** Opening Exercise materials block **

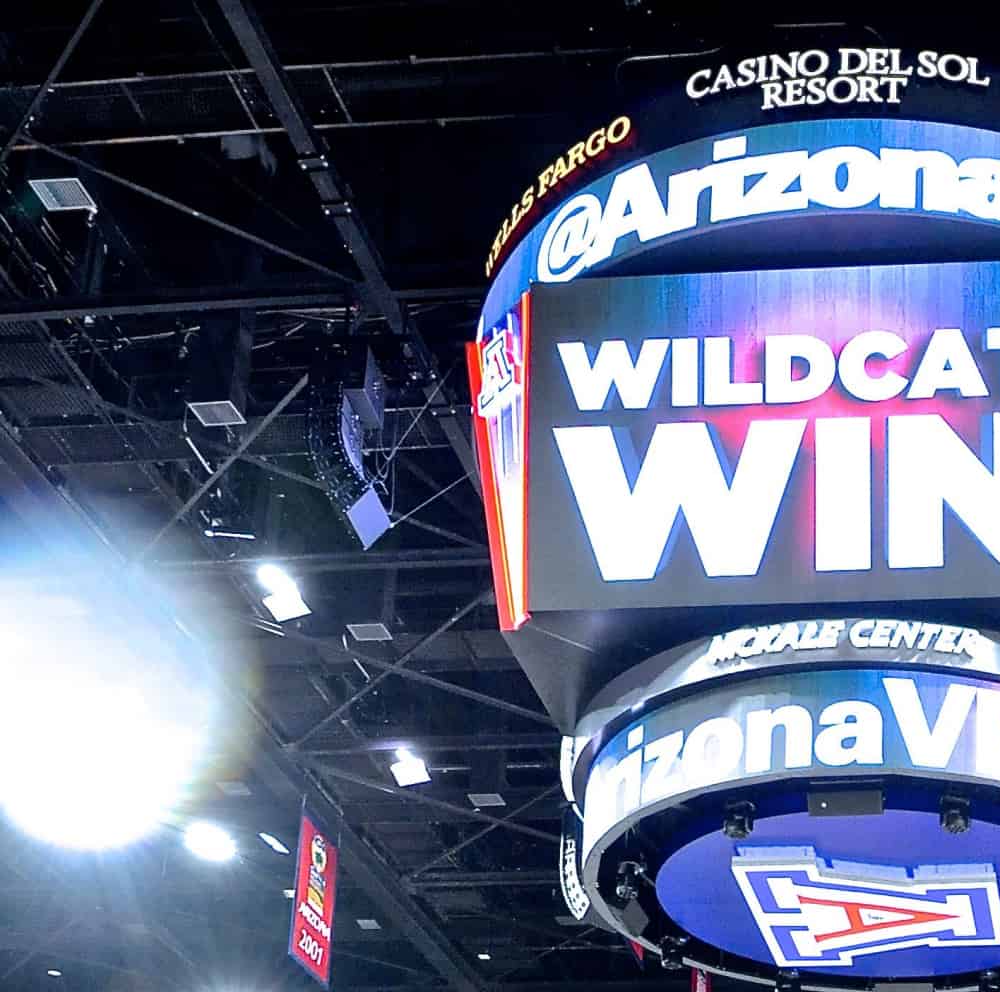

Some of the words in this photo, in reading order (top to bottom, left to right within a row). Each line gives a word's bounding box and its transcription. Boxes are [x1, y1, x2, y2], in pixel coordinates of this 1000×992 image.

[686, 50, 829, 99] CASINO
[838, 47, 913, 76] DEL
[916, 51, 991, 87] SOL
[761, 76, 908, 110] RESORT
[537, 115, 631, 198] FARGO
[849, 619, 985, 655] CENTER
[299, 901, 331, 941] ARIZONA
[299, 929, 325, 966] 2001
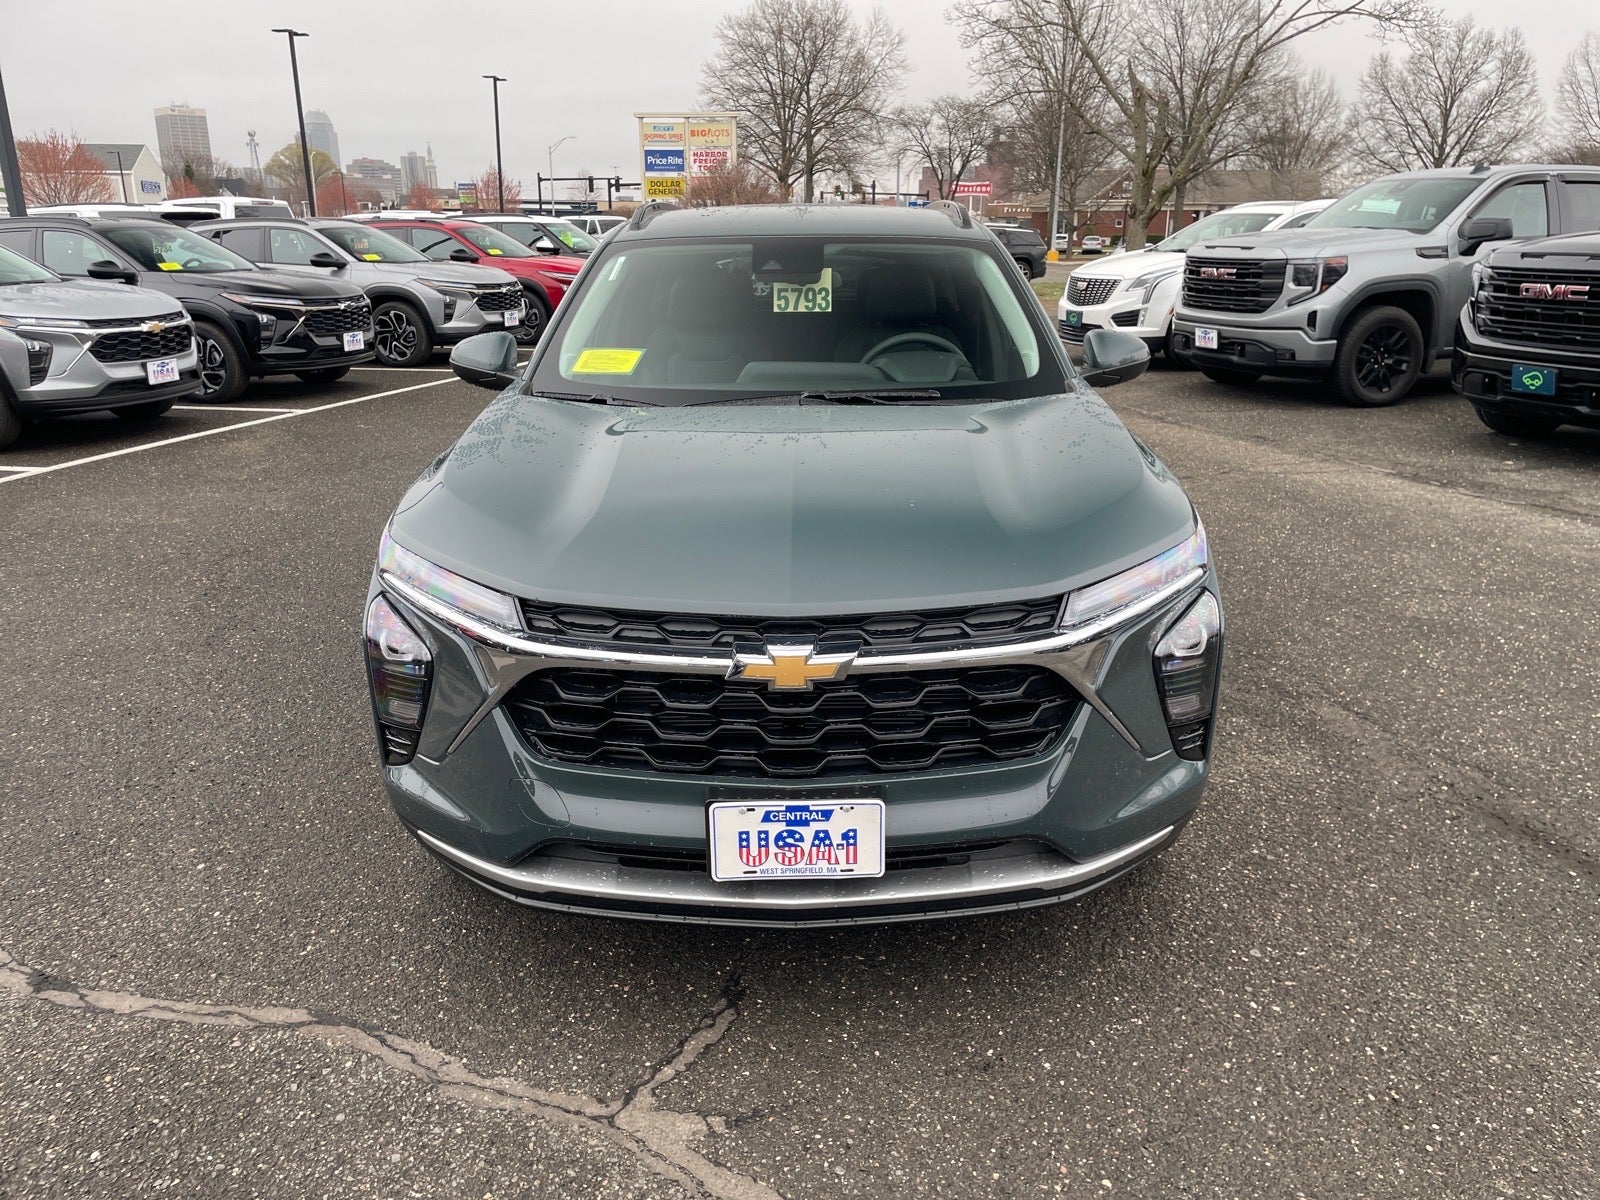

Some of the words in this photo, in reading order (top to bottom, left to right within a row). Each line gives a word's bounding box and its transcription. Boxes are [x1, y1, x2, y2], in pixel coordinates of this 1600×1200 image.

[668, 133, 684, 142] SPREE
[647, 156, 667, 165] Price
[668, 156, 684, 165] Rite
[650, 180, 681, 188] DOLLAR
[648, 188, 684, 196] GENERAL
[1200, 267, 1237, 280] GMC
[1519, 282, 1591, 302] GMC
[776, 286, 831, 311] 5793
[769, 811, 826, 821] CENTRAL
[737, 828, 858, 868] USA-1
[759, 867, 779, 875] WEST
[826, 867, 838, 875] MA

** Closing Exercise materials block **

- What is needed -
This calls for each record above to be set down exactly, with the images skipped.

- Solved problem -
Some of the words in this photo, in reading order (top to bottom, left to right within a row). Each line gives a word's bounding box and its transcription. Boxes are [x1, y1, x2, y2], in pixel coordinates of this 1000×992 image.

[686, 50, 829, 99] CASINO
[838, 47, 913, 76] DEL
[916, 51, 991, 87] SOL
[761, 76, 908, 110] RESORT
[537, 115, 631, 198] FARGO
[849, 619, 985, 655] CENTER
[299, 901, 331, 941] ARIZONA
[299, 929, 325, 966] 2001

Some of the words in this photo, in reading order (top to bottom, left to right within a row). Each line gives a word's bounding box and its transcription. Boxes are [x1, y1, x2, y2], in pixel coordinates of this 1600×1200 image.

[668, 133, 684, 142] SPREE
[647, 156, 667, 165] Price
[668, 156, 684, 165] Rite
[650, 180, 681, 188] DOLLAR
[648, 188, 684, 196] GENERAL
[1200, 267, 1237, 280] GMC
[1519, 282, 1591, 302] GMC
[776, 286, 831, 311] 5793
[769, 811, 826, 821] CENTRAL
[737, 828, 858, 868] USA-1
[759, 867, 779, 875] WEST
[826, 867, 838, 875] MA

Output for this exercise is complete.